В автобиографическом венке сонетов Брюсова «Роковой ряд» (1916) сразу после сонета 8 «Дина», адресатом которого исследователи называют Нину Петровскую, следует сонет 9 «Любовь»[15]:
Как будто призраков туманный строй,
Все те, к кому я из твоих объятий
Бежал в безумьи… Ах! твоей кровати
Возжжен был стигман в дух смятенный мой.
Напрасно я, обманут нежной тьмой,
Уста с устами близил на закате!
Пронзен до сердца острием заклятий,
Я был на ложах – словно труп немой.
И ты ко мне напрасно телом никла,
Ты, имя чье стозвучно, как Любовь!
Со стоном прочь я отгибался вновь…
Душа быть мертвой – сумрачно привыкла,
Тот облик мой, как облик гробовой,
В вечерних далях реет предо мной.[16]
То, что речь идет о Любови Столице, подтверждают ее письма и любовные записки Брюсову. Приводимое ниже письмо, несмотря на поэтические символистские аллюзии (вползающая в сердце змея, зеркало и горящие свечи, «сладостно-испуганные» цветы), рисует портрет молодой женщины, открытой и смелой в своих чувствах, и выразительно иллюстрирует состояние Брюсова накануне окончания его романа с Петровской и вдохновленного ею литературного произведения.
19 26 07 г.
I
2 ч. 55 м.
Здравствуй.
Тяжело мне…
Внезапно проснулась. Тоскливые розовые маки упрямо метались в глаза. Шуршали, прыгали – сплетничали. Безразличные часы, как бесконечно-равнодушный пульс, бились над головой…
Почувствовала опасность. Близко, близко. Напрасно зарывалась в ворох теплых одеял – в ворох маленьких туманных мыслей…

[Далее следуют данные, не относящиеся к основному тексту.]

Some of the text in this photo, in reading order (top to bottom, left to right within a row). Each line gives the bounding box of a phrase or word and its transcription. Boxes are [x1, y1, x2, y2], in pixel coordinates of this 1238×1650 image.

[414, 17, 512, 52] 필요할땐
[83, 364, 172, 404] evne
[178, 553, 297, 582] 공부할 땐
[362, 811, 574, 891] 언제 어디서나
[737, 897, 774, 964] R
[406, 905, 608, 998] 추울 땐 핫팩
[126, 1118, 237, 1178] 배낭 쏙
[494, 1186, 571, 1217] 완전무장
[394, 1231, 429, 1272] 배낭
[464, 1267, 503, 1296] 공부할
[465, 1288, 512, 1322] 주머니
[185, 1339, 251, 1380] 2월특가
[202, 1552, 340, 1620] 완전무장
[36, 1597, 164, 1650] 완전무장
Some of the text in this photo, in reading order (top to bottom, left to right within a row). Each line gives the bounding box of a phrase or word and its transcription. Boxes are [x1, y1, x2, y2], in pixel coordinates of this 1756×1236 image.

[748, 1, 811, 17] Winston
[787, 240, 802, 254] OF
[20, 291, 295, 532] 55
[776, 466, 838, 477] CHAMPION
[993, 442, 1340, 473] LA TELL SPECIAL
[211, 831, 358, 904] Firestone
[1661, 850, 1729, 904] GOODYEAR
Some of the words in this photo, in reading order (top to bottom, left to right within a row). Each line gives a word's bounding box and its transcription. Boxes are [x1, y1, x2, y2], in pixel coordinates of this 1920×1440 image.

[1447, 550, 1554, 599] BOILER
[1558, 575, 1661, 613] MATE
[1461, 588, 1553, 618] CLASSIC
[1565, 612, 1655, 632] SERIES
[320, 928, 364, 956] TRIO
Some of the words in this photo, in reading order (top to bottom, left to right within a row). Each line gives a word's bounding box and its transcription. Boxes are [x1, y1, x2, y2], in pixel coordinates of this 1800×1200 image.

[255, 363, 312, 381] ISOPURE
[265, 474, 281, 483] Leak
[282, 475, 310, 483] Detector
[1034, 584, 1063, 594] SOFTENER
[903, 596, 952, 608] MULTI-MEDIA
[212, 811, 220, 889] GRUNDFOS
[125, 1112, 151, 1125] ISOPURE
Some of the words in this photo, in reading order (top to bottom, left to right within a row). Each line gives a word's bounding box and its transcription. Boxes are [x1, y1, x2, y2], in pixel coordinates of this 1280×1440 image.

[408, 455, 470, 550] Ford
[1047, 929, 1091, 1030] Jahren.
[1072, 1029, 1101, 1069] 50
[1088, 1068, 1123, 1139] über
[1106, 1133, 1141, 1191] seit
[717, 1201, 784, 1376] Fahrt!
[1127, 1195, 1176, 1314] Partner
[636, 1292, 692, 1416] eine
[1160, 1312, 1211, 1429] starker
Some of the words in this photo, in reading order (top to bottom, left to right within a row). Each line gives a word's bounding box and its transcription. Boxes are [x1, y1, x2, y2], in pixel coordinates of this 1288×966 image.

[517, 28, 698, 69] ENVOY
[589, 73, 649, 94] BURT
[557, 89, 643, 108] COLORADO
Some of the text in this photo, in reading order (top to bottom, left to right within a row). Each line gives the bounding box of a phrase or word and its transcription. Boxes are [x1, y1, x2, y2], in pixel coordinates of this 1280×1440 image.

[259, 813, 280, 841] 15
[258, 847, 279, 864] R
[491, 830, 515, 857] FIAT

Холодная, спокойная змея, зеленочешуйчатая с глазами голубыми и тягостными, как очи далеких, чуждых ангелов, притаилась, нет, теперь уж не притаилась, а властно и бестрепетно вытягивалась, приближаясь к прерывно мерцающему красному, как вино, и горячему, как созревший гранат в поцелуях солнца, сердцу. Приблизилась… и изумрудные кандалы зазвенели там, глубоко, в груди… где жизнь, где счастье. Я ясно, зловеще ясно ощущала красивейший браслет. Я ясно, зловеще ясно повторяла вслух: Расстаться, расстаться… и т. д. без конца. При этом очень подробно разглядывала отражение высокой печальной свечи у трюмо. Очень подробно и четко выписывала заключительные слова ничтожной бумажки, белой и страшной – слова смертного приговора своего. Стараясь перекричать думами своими унисонные шепоты маков, говорила душе своей, такой теперь и мне близкой, большой, горевшей ровным, ослепительным, угасающим светом, как величественный, не желающий гибели факел.